Ped7g, you sound like one of these aggressive hobos on the streets who not just begging for the money, but demanding for it. Like we owe them, or something.
Quality does not go well together with quantity. A rushed product almost always has game breaking glitches, and in the end there is more time wasted in delivering a half-finished product and bubblegum fixing it afterwards to be playable.
Not to mention the damage caused by that, as people nowadays tend to have an opinion of everything almost instantly. I'd much rather see a patch that the developers can proudly release than a patch that breaks more than what it's supposed to fix. It's a process that takes time for a small team, which you don't seem to understand.
Lets see here:
Blackwood remastered, and an industrial area added to it to drive around
Westhill remastered, with added back roads to it to drive around
Possibility to free roam in any track environment and using this mode to create your own track configurations
Concrete layout objects, that allow for the possibility to create more complex tracks and even make your own paths into the sky if you want
Remastered Formula XR, V8, XR and XF
Many bugfixes, optimizations, slight details like dynamic reflections, there is a lot they have done to the game in the past 10 years.

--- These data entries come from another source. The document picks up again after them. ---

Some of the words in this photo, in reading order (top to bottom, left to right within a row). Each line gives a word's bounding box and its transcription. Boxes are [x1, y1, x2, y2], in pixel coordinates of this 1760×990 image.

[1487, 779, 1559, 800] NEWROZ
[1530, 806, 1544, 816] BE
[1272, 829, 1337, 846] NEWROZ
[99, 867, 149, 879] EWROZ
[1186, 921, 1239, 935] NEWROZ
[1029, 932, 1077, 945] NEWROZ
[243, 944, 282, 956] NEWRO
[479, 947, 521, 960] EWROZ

Sure there has been breaks in-between, but there is visible progress.
There's more stuff that I can't remember at the moment, too.
Of course those won't affect your DEMOnstration experience much as a license is required for most of the content.

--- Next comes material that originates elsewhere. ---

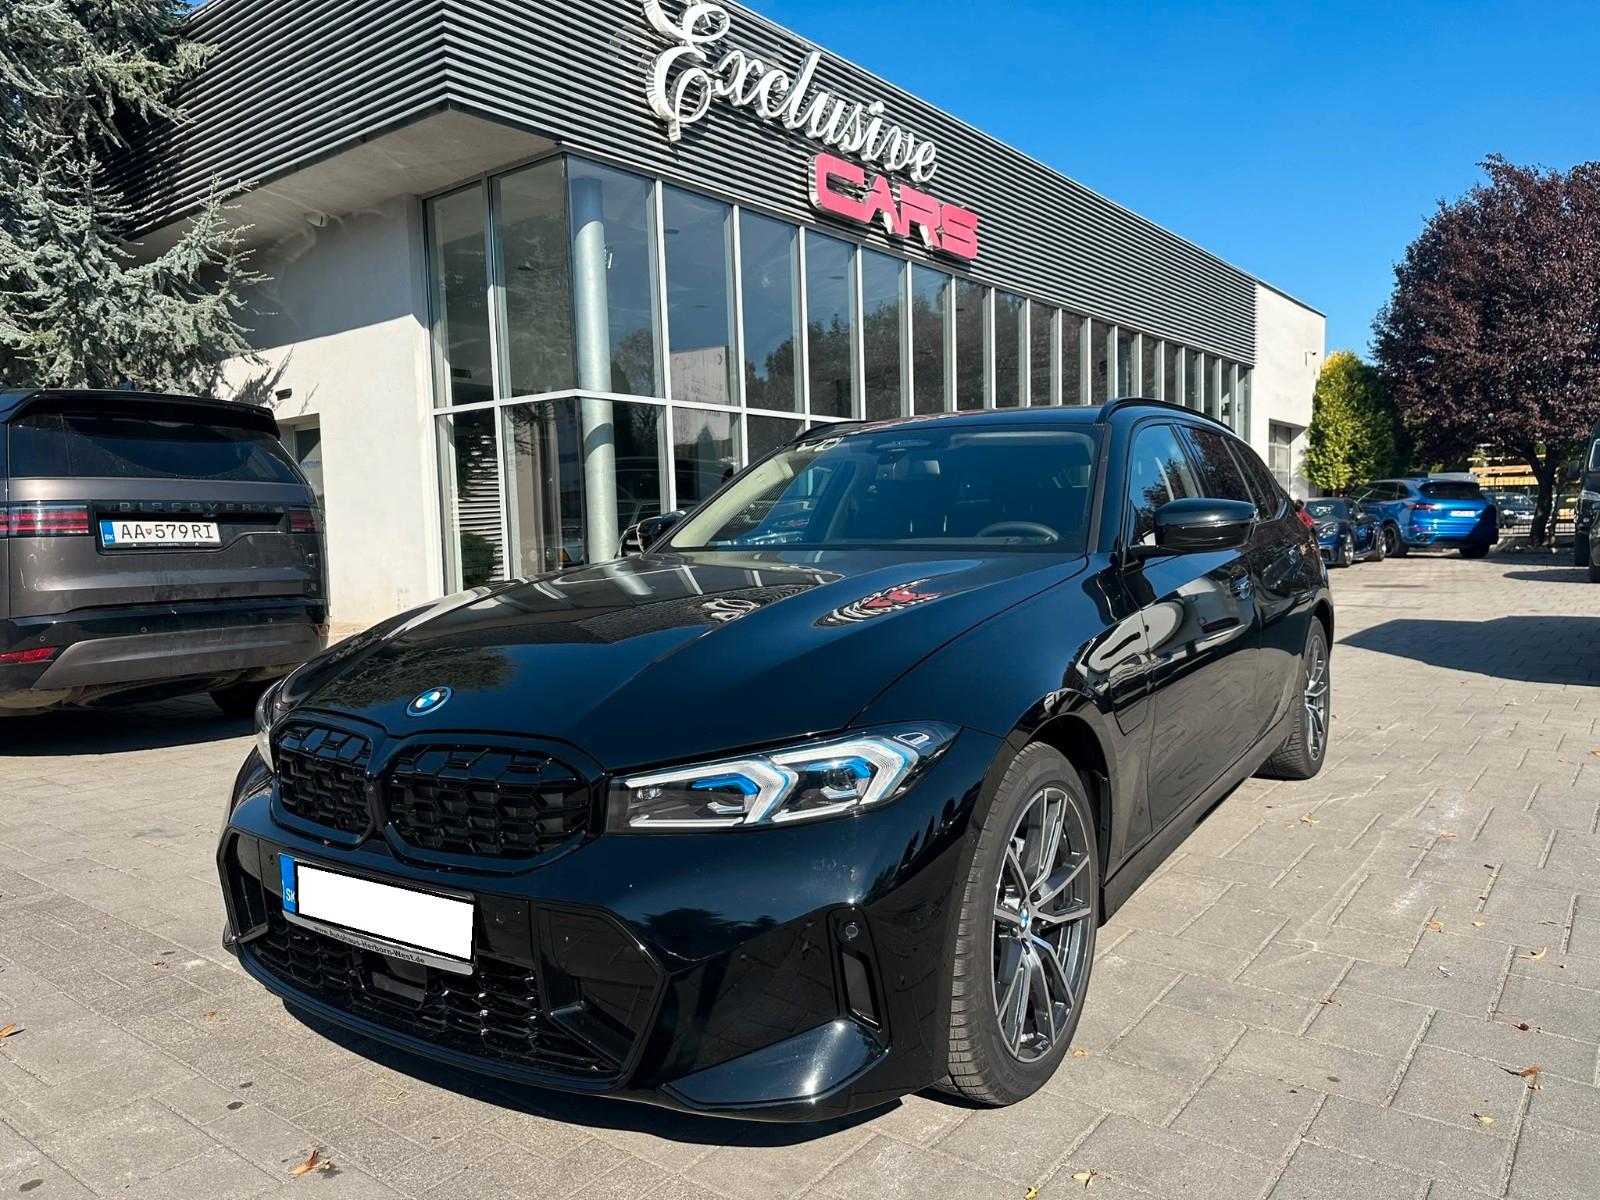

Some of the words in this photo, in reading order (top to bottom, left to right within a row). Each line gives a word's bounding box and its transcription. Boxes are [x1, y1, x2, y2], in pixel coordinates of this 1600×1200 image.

What does that make you then? You sound like you want everything without doing anything.
said the user with a demo licence demanding the developers act in a way that is completely incongruent with their published working motivation?
Also, how many new official tracks have there been for rFactor 1, Richard Burns Rally, Grand Prix Legends, NetKar Pro, GTR recently??? all contemporaries of the initial Live For Speed release, yet where is their 'proper development'?
The only sim comparable to LFS would be iRacing in terms of continual development over such a long period of time... and for that sim to have reached the point it is now a single user would have had to have spent thousands to have access to it fully during that period and even now it's tyre model still isn't as good as LFS in many areas.
Indeed, I demand £15 for this consultation (*). Thanks. (if you don't send it soon enough, I will call the virtual Internet FBI on you). Check-mate.
*) if you didn't realize it, you were reading wise words of ex-game-developer and computer SW coder, which miraculously didn't release almost anything truly genius within last 30 years, but still feels like one of the best SW developers in the world. You are really blessed to receive response from me.
With all due respect, you are not much different from the guy that you are accusing.
How can you people keep saying which tyre model is better than the other ? you are talking like there is only greed and zero patient happening with other development teams, that's totally unfair for those who's been bringing the genra forward.
Wait a minute. Are you the same guy with the 80286 and wanting to stick with it forever? And then dare to talk about development? It seems like you didnt even discovered how to wipe your own ass in these 15 years.
The point is that despite all the hurrah of constant updates and a subscription based funding model iRacing still hasn't matched Live For Speed in several areas. This constant repetitive drone of complaint about how the LFS developers go about their business is nauseating. They've made themselves so clear on how they work, it really isn't hard to grasp. The value of LFS is unquestionable. I can barely get a month and a decent car/track combo on iRacing for the price of S3.